I use to work at a very stressful job and my anxiety always effected my attitude at work... It's very difficult to deal with so I know where you are coming from... It effected me so much that I did not receive the raises I deserved... I was told that I had a bad attitude even though I was great at my job... I was extremely loyal, ethical, with tons of ingerity... I did my job and also my bosses when she was sick or on vacation... but because I was stressed at home I brought it to work with me and it showed through the way I spoke and interacted with other co-workers. I blew a gasket a few times at work... Once on the General Manager but because I was so good at my job they let me slide... They knew my job was stressful and that I was going through stuff at home but they did not know I had this disorder... Towards the end of my employment I told my boss and she was unstanding but said that it needed to change and I needed to get it under control or my job would be on the line. I did the best I could to keep myself under control and ended up leaving on my own about a year later. I knew that I could not stay there and continue to work in that stressful enviornment and deal with the stress at home. If you are going to tell someone at work only tell the people that need to know like your manager... because your other co-workers can be nasty and provoke you to snap just to get you in trouble, especially if they want your job!!
Tell those coworkers with whom you are comfortable with about your issue.If you can't find anyone then write everything in a diary.
Early on I used to share a lot more personal information with co-workers - that is the ones I felt had a grasp of certain mental/medical issues. With time and experience I save this for my personal friends, therapist and support groups. Especially if it touches on medication, etc. Just safer and less chance of misunderstandings. People mean well...I don't even share my issues with immediate family. Try as they may they just don't get it. Just my opinion... Lisa [/list][/size]
There are some employers who will not hire people who are open about their mental or emotional issues. Even if the current management is comfortable and understanding, it does not mean new management will come in not be as amicable. I do have a couple coworkers who know a little about my treatment for bipolar disorder and generalized anxiety. However, they have no interest in moving up the corporate ladder and hate the office politics. I have little fear of them saying something about my issues to any of our managers.

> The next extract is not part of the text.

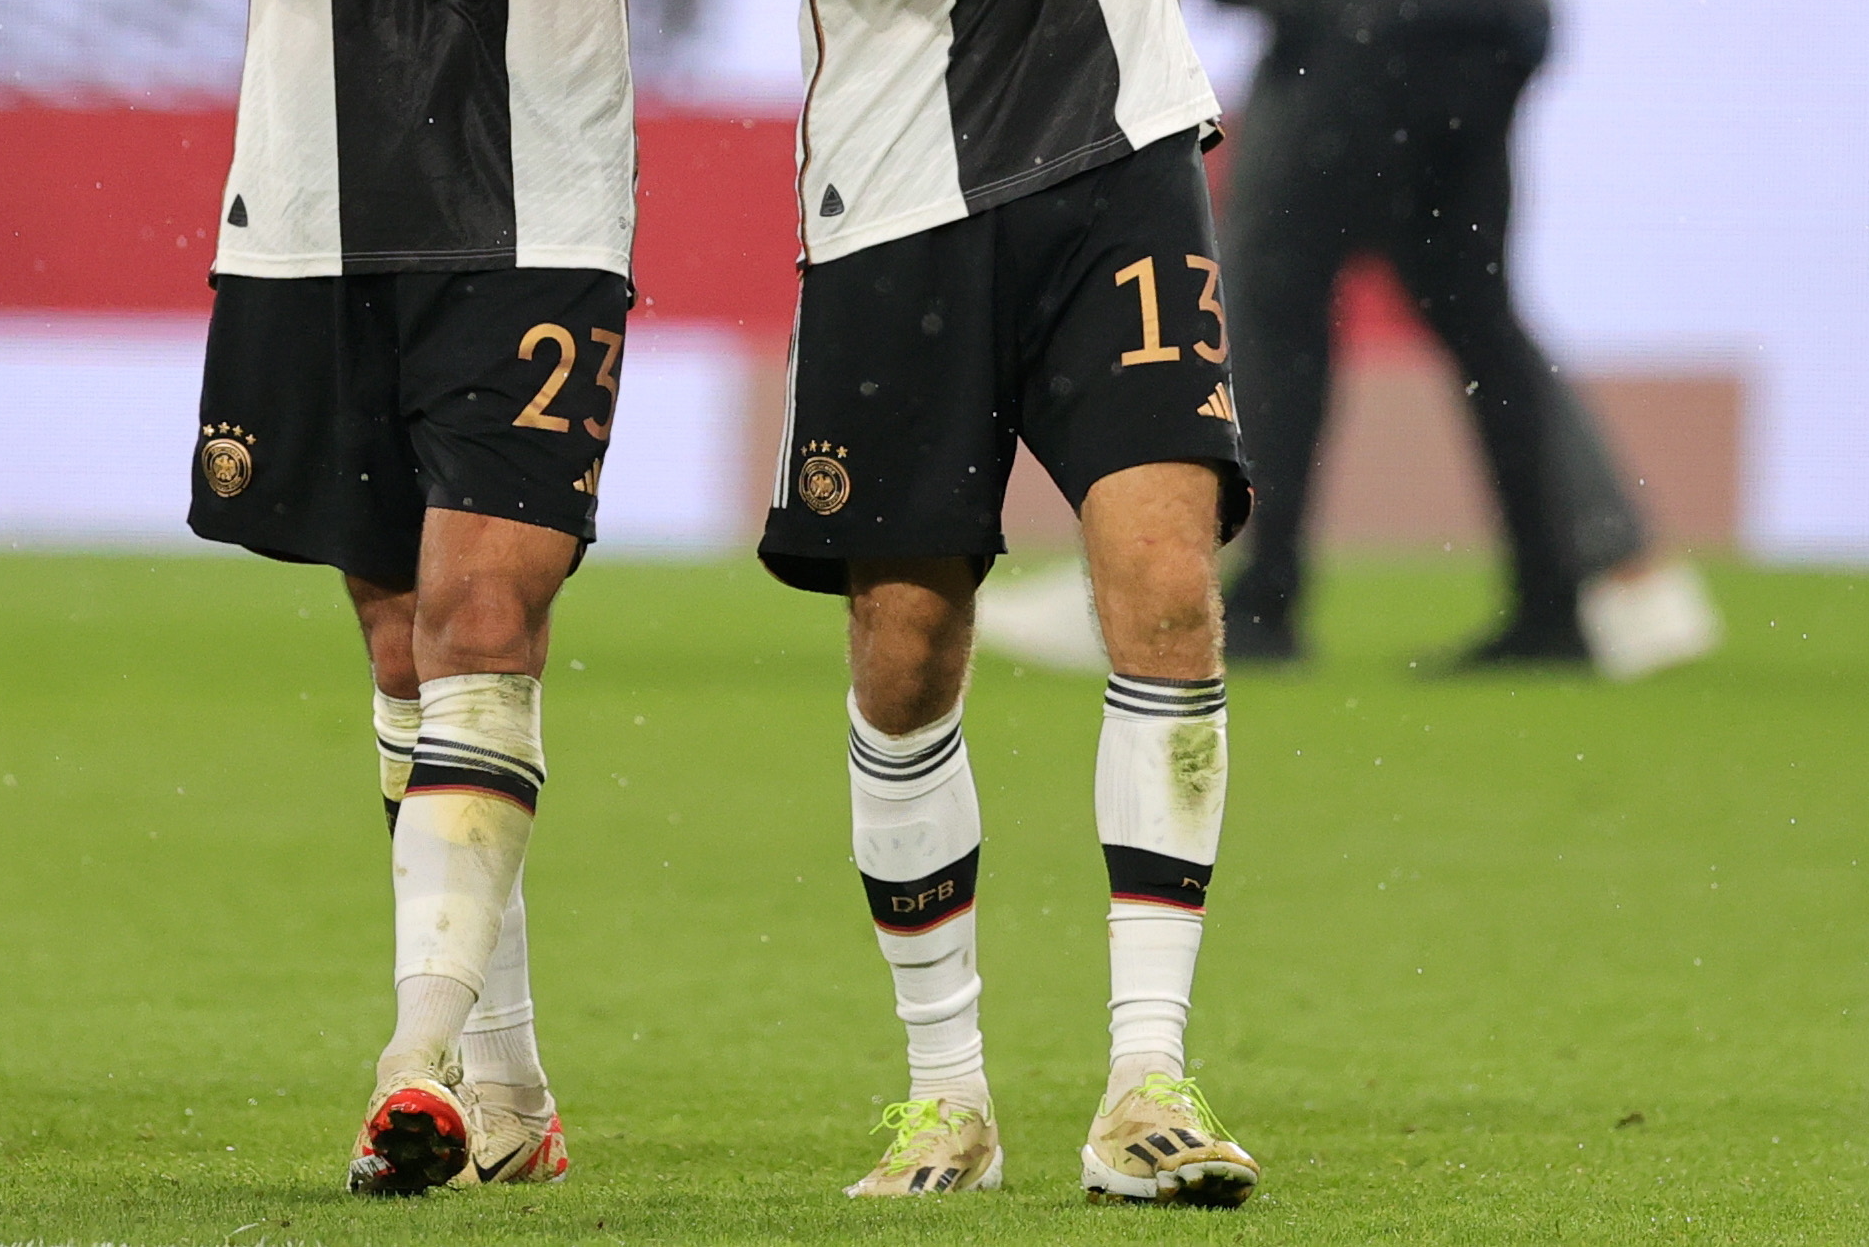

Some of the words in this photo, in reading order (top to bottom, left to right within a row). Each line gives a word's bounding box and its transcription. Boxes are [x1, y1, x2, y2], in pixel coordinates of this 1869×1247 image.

[1115, 254, 1228, 367] 13
[512, 322, 624, 441] 23
[891, 879, 955, 913] DFB

I think that's entirely up to you, and your comfort level with your disorder and your coworkers. A lot of people don't feel comfortable discussing something like that with their coworkers, but (depending on your coworkers), it can give them a much better understanding of what you've got going on, and why you may be having difficulties lately. If you feel it would benefit you, in any way, to tell them, and you're comfortable to - then do it. If not - don't. Personally, I'm a open book about my disorder. If my disorder is showing, I don't hesitate to explain to anyone why I'm acting the way I am. But I'm extroverted to a fault at times lol
20 years of dealing with this and early on I experienced job discrimination. My opinion is I have been working for another employer for those years since and have never mentioned it and have never been asked. If something comes up I am not comfortable doing I decline politely and don't make excuses. It is not my employers business. I am very good at what I do and they appreciate that by being flexible and they never ask questions. I have to random drug test and and my medication shows up but that is between me and the testing facility. The law covers me there. This is just my two cents though.
I think that's pretty private. I personally wouldn't discuss it with them. You never know how people will handle the news either. Some people don't understand psychological problems, and what do people do when they don't understand something? They make jokes. Just be careful who you give that information too. You'd be surprised at the reactions you can get
i have been dealing with this for 16 years. here is what i can say. If you think your coworkers will be accepting of it or understand it, then go for it. if not, just appologise tell them youve just been dealing with some things and hope they dont take it personal. see for me, i decided to be open with my anxiety. once i know peopel for a few months adn feel comfortable to tell them AFTER they have gotten to know me... i dont mind people knowing because ive built a rapport with them. so far so good for me. whatever.. i have anxiety. its NOT that big a deal. i have gotten more accepting attitudes than not.